YOUR TASK. Every entry below should be reproduced exactly, with all pictures left out.

RECORD EXTRACTS.
--
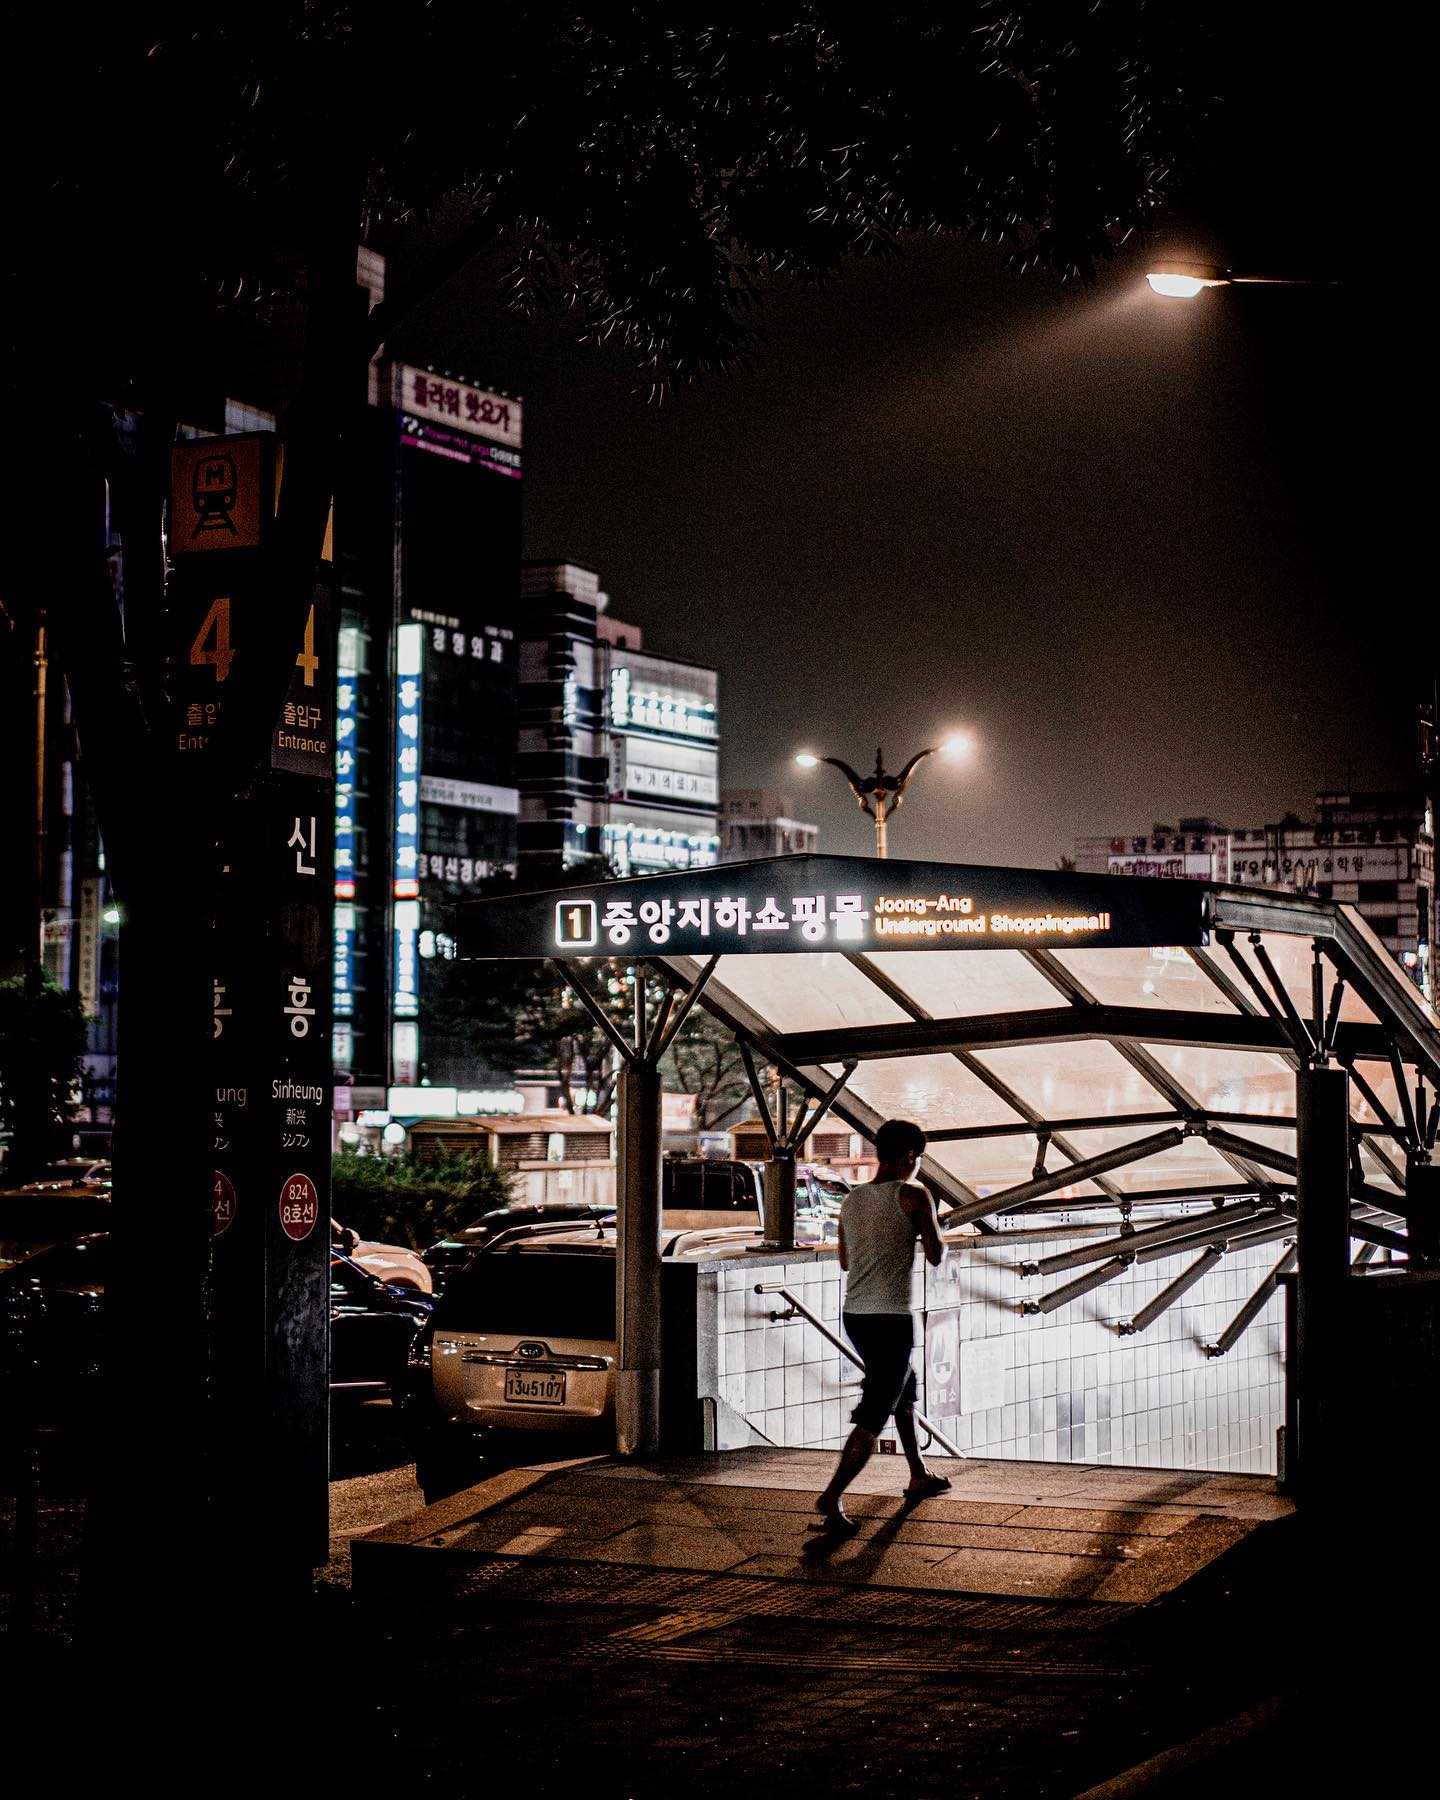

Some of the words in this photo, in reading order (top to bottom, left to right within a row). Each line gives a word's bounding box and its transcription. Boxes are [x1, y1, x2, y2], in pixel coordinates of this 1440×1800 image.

[190, 597, 235, 682] 4
[296, 604, 319, 687] 4
[283, 701, 322, 729] 출입구
[278, 730, 327, 754] Entrance
[875, 895, 972, 915] Joong-Ang
[601, 895, 869, 944] 중앙지하쇼핑몰
[875, 915, 986, 937] Underground
[990, 911, 1111, 937] Shoppingmall
[271, 1078, 323, 1106] Sinheung
[289, 1183, 309, 1200] 824
[283, 1202, 314, 1224] 8호선
--
EXERCISE ANSWER.
Some of the words in this photo, in reading order (top to bottom, left to right within a row). Each line gives a word's bounding box and its transcription. Boxes are [x1, y1, x2, y2], in pixel coordinates of this 1440×1800 image.

[190, 597, 235, 682] 4
[296, 604, 319, 687] 4
[283, 701, 322, 729] 출입구
[278, 730, 327, 754] Entrance
[875, 895, 972, 915] Joong-Ang
[601, 895, 869, 944] 중앙지하쇼핑몰
[875, 915, 986, 937] Underground
[990, 911, 1111, 937] Shoppingmall
[271, 1078, 323, 1106] Sinheung
[289, 1183, 309, 1200] 824
[283, 1202, 314, 1224] 8호선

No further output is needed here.